◆ Provided entries
———

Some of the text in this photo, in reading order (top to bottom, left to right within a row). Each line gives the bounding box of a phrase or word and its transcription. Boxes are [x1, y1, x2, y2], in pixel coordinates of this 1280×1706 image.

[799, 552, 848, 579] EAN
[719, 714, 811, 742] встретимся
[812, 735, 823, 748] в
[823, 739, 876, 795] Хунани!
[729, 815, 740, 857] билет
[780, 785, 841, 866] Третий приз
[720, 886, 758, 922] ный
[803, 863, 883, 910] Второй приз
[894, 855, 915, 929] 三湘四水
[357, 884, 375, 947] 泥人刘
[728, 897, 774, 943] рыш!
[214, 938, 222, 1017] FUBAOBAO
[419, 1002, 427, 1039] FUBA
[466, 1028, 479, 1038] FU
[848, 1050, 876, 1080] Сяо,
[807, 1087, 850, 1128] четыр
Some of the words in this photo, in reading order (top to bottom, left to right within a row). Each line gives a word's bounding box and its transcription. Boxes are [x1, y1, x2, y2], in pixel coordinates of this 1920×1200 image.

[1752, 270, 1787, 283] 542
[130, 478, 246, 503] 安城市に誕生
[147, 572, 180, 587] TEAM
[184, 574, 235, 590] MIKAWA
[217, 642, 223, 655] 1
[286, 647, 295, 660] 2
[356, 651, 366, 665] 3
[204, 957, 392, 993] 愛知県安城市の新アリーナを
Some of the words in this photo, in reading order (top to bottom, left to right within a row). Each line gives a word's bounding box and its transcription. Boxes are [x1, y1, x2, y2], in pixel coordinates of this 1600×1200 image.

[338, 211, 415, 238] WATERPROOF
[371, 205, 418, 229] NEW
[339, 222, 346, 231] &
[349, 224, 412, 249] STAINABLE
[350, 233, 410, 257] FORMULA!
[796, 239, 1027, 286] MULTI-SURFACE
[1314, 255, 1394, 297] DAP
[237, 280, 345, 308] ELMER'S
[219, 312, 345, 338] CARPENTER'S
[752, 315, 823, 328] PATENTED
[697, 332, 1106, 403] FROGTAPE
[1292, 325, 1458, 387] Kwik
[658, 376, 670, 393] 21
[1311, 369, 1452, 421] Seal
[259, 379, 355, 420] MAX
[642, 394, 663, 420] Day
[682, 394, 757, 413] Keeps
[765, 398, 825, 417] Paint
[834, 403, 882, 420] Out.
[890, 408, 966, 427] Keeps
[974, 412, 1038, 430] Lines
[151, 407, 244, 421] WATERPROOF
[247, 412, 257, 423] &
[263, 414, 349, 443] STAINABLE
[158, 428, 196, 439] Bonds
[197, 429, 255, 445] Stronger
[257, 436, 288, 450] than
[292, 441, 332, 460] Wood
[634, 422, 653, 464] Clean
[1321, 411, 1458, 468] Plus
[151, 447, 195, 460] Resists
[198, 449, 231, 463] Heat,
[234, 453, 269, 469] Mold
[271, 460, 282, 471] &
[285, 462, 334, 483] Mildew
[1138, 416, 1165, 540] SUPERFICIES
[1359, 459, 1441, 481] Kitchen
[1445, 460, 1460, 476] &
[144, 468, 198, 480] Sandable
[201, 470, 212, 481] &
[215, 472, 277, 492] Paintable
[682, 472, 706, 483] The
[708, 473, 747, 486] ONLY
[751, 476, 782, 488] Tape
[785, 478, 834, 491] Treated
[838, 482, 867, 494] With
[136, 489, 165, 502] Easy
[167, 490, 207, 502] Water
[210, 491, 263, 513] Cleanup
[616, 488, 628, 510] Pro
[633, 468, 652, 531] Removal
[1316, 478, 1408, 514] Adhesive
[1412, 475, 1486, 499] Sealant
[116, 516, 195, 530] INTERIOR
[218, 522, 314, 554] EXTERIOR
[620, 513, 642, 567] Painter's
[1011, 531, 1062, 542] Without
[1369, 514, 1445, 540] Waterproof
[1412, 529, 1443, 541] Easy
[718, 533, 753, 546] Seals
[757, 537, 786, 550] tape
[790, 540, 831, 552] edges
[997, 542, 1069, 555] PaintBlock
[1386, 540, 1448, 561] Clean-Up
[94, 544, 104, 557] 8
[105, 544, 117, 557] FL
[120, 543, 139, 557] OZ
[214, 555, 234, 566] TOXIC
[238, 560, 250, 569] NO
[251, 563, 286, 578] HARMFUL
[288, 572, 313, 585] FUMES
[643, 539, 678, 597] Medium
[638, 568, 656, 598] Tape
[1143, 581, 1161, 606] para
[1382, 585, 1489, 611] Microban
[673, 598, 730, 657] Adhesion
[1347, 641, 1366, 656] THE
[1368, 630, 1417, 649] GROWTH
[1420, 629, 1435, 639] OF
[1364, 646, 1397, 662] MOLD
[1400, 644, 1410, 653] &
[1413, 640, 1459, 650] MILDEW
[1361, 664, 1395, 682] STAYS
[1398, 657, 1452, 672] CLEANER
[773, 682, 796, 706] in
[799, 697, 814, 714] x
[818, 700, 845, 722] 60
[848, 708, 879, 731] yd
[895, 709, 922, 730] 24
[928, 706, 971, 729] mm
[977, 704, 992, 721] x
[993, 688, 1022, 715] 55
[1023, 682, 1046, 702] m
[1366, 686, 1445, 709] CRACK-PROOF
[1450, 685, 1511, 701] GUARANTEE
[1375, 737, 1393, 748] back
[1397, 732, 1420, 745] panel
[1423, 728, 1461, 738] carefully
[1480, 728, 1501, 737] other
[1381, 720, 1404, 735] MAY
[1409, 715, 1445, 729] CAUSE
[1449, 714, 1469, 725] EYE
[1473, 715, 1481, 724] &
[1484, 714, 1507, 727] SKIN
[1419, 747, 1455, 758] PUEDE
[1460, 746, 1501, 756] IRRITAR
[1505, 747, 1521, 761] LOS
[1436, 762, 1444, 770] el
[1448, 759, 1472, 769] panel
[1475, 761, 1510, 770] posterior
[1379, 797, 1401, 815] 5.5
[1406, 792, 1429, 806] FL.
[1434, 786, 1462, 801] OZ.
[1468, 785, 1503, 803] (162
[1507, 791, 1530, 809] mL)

———

◆ Requirement
Retype all the records above without changing a word.

◆ Solution
Some of the text in this photo, in reading order (top to bottom, left to right within a row). Each line gives the bounding box of a phrase or word and its transcription. Boxes are [x1, y1, x2, y2], in pixel coordinates of this 1280×1706 image.

[799, 552, 848, 579] EAN
[719, 714, 811, 742] встретимся
[812, 735, 823, 748] в
[823, 739, 876, 795] Хунани!
[729, 815, 740, 857] билет
[780, 785, 841, 866] Третий приз
[720, 886, 758, 922] ный
[803, 863, 883, 910] Второй приз
[894, 855, 915, 929] 三湘四水
[357, 884, 375, 947] 泥人刘
[728, 897, 774, 943] рыш!
[214, 938, 222, 1017] FUBAOBAO
[419, 1002, 427, 1039] FUBA
[466, 1028, 479, 1038] FU
[848, 1050, 876, 1080] Сяо,
[807, 1087, 850, 1128] четыр
Some of the words in this photo, in reading order (top to bottom, left to right within a row). Each line gives a word's bounding box and its transcription. Boxes are [x1, y1, x2, y2], in pixel coordinates of this 1920×1200 image.

[1752, 270, 1787, 283] 542
[130, 478, 246, 503] 安城市に誕生
[147, 572, 180, 587] TEAM
[184, 574, 235, 590] MIKAWA
[217, 642, 223, 655] 1
[286, 647, 295, 660] 2
[356, 651, 366, 665] 3
[204, 957, 392, 993] 愛知県安城市の新アリーナを
Some of the words in this photo, in reading order (top to bottom, left to right within a row). Each line gives a word's bounding box and its transcription. Boxes are [x1, y1, x2, y2], in pixel coordinates of this 1600×1200 image.

[338, 211, 415, 238] WATERPROOF
[371, 205, 418, 229] NEW
[339, 222, 346, 231] &
[349, 224, 412, 249] STAINABLE
[350, 233, 410, 257] FORMULA!
[796, 239, 1027, 286] MULTI-SURFACE
[1314, 255, 1394, 297] DAP
[237, 280, 345, 308] ELMER'S
[219, 312, 345, 338] CARPENTER'S
[752, 315, 823, 328] PATENTED
[697, 332, 1106, 403] FROGTAPE
[1292, 325, 1458, 387] Kwik
[658, 376, 670, 393] 21
[1311, 369, 1452, 421] Seal
[259, 379, 355, 420] MAX
[642, 394, 663, 420] Day
[682, 394, 757, 413] Keeps
[765, 398, 825, 417] Paint
[834, 403, 882, 420] Out.
[890, 408, 966, 427] Keeps
[974, 412, 1038, 430] Lines
[151, 407, 244, 421] WATERPROOF
[247, 412, 257, 423] &
[263, 414, 349, 443] STAINABLE
[158, 428, 196, 439] Bonds
[197, 429, 255, 445] Stronger
[257, 436, 288, 450] than
[292, 441, 332, 460] Wood
[634, 422, 653, 464] Clean
[1321, 411, 1458, 468] Plus
[151, 447, 195, 460] Resists
[198, 449, 231, 463] Heat,
[234, 453, 269, 469] Mold
[271, 460, 282, 471] &
[285, 462, 334, 483] Mildew
[1138, 416, 1165, 540] SUPERFICIES
[1359, 459, 1441, 481] Kitchen
[1445, 460, 1460, 476] &
[144, 468, 198, 480] Sandable
[201, 470, 212, 481] &
[215, 472, 277, 492] Paintable
[682, 472, 706, 483] The
[708, 473, 747, 486] ONLY
[751, 476, 782, 488] Tape
[785, 478, 834, 491] Treated
[838, 482, 867, 494] With
[136, 489, 165, 502] Easy
[167, 490, 207, 502] Water
[210, 491, 263, 513] Cleanup
[616, 488, 628, 510] Pro
[633, 468, 652, 531] Removal
[1316, 478, 1408, 514] Adhesive
[1412, 475, 1486, 499] Sealant
[116, 516, 195, 530] INTERIOR
[218, 522, 314, 554] EXTERIOR
[620, 513, 642, 567] Painter's
[1011, 531, 1062, 542] Without
[1369, 514, 1445, 540] Waterproof
[1412, 529, 1443, 541] Easy
[718, 533, 753, 546] Seals
[757, 537, 786, 550] tape
[790, 540, 831, 552] edges
[997, 542, 1069, 555] PaintBlock
[1386, 540, 1448, 561] Clean-Up
[94, 544, 104, 557] 8
[105, 544, 117, 557] FL
[120, 543, 139, 557] OZ
[214, 555, 234, 566] TOXIC
[238, 560, 250, 569] NO
[251, 563, 286, 578] HARMFUL
[288, 572, 313, 585] FUMES
[643, 539, 678, 597] Medium
[638, 568, 656, 598] Tape
[1143, 581, 1161, 606] para
[1382, 585, 1489, 611] Microban
[673, 598, 730, 657] Adhesion
[1347, 641, 1366, 656] THE
[1368, 630, 1417, 649] GROWTH
[1420, 629, 1435, 639] OF
[1364, 646, 1397, 662] MOLD
[1400, 644, 1410, 653] &
[1413, 640, 1459, 650] MILDEW
[1361, 664, 1395, 682] STAYS
[1398, 657, 1452, 672] CLEANER
[773, 682, 796, 706] in
[799, 697, 814, 714] x
[818, 700, 845, 722] 60
[848, 708, 879, 731] yd
[895, 709, 922, 730] 24
[928, 706, 971, 729] mm
[977, 704, 992, 721] x
[993, 688, 1022, 715] 55
[1023, 682, 1046, 702] m
[1366, 686, 1445, 709] CRACK-PROOF
[1450, 685, 1511, 701] GUARANTEE
[1375, 737, 1393, 748] back
[1397, 732, 1420, 745] panel
[1423, 728, 1461, 738] carefully
[1480, 728, 1501, 737] other
[1381, 720, 1404, 735] MAY
[1409, 715, 1445, 729] CAUSE
[1449, 714, 1469, 725] EYE
[1473, 715, 1481, 724] &
[1484, 714, 1507, 727] SKIN
[1419, 747, 1455, 758] PUEDE
[1460, 746, 1501, 756] IRRITAR
[1505, 747, 1521, 761] LOS
[1436, 762, 1444, 770] el
[1448, 759, 1472, 769] panel
[1475, 761, 1510, 770] posterior
[1379, 797, 1401, 815] 5.5
[1406, 792, 1429, 806] FL.
[1434, 786, 1462, 801] OZ.
[1468, 785, 1503, 803] (162
[1507, 791, 1530, 809] mL)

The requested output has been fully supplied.